- _What you have to do_:
Repeat all of the entries, please, keeping each line exact.
◆ ◆ ◆ ◆ ◆ ◆ ◆
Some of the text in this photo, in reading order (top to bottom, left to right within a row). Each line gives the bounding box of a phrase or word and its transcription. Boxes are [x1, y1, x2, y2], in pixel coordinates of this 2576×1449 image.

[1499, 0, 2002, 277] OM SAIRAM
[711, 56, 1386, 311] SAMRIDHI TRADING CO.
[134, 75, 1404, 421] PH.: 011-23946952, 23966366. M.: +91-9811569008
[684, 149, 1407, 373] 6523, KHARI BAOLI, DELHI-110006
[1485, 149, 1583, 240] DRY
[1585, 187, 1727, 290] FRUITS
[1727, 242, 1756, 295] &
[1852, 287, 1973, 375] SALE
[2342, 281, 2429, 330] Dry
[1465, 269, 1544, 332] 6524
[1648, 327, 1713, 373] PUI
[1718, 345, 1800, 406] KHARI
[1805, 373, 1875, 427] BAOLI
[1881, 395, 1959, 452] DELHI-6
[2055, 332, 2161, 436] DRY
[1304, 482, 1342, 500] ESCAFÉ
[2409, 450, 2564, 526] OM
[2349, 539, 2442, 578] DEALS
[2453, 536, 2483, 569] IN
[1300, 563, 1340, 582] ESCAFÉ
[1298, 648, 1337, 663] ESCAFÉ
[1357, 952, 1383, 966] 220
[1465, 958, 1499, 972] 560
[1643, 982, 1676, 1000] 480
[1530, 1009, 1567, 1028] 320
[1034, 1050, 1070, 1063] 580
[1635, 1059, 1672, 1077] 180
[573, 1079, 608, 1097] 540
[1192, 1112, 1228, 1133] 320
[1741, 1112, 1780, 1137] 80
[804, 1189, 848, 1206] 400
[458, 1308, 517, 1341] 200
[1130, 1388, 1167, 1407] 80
◆ ◆ ◆ ◆ ◆ ◆ ◆
- _Answer space_:
Some of the text in this photo, in reading order (top to bottom, left to right within a row). Each line gives the bounding box of a phrase or word and its transcription. Boxes are [x1, y1, x2, y2], in pixel coordinates of this 2576×1449 image.

[1499, 0, 2002, 277] OM SAIRAM
[711, 56, 1386, 311] SAMRIDHI TRADING CO.
[134, 75, 1404, 421] PH.: 011-23946952, 23966366. M.: +91-9811569008
[684, 149, 1407, 373] 6523, KHARI BAOLI, DELHI-110006
[1485, 149, 1583, 240] DRY
[1585, 187, 1727, 290] FRUITS
[1727, 242, 1756, 295] &
[1852, 287, 1973, 375] SALE
[2342, 281, 2429, 330] Dry
[1465, 269, 1544, 332] 6524
[1648, 327, 1713, 373] PUI
[1718, 345, 1800, 406] KHARI
[1805, 373, 1875, 427] BAOLI
[1881, 395, 1959, 452] DELHI-6
[2055, 332, 2161, 436] DRY
[1304, 482, 1342, 500] ESCAFÉ
[2409, 450, 2564, 526] OM
[2349, 539, 2442, 578] DEALS
[2453, 536, 2483, 569] IN
[1300, 563, 1340, 582] ESCAFÉ
[1298, 648, 1337, 663] ESCAFÉ
[1357, 952, 1383, 966] 220
[1465, 958, 1499, 972] 560
[1643, 982, 1676, 1000] 480
[1530, 1009, 1567, 1028] 320
[1034, 1050, 1070, 1063] 580
[1635, 1059, 1672, 1077] 180
[573, 1079, 608, 1097] 540
[1192, 1112, 1228, 1133] 320
[1741, 1112, 1780, 1137] 80
[804, 1189, 848, 1206] 400
[458, 1308, 517, 1341] 200
[1130, 1388, 1167, 1407] 80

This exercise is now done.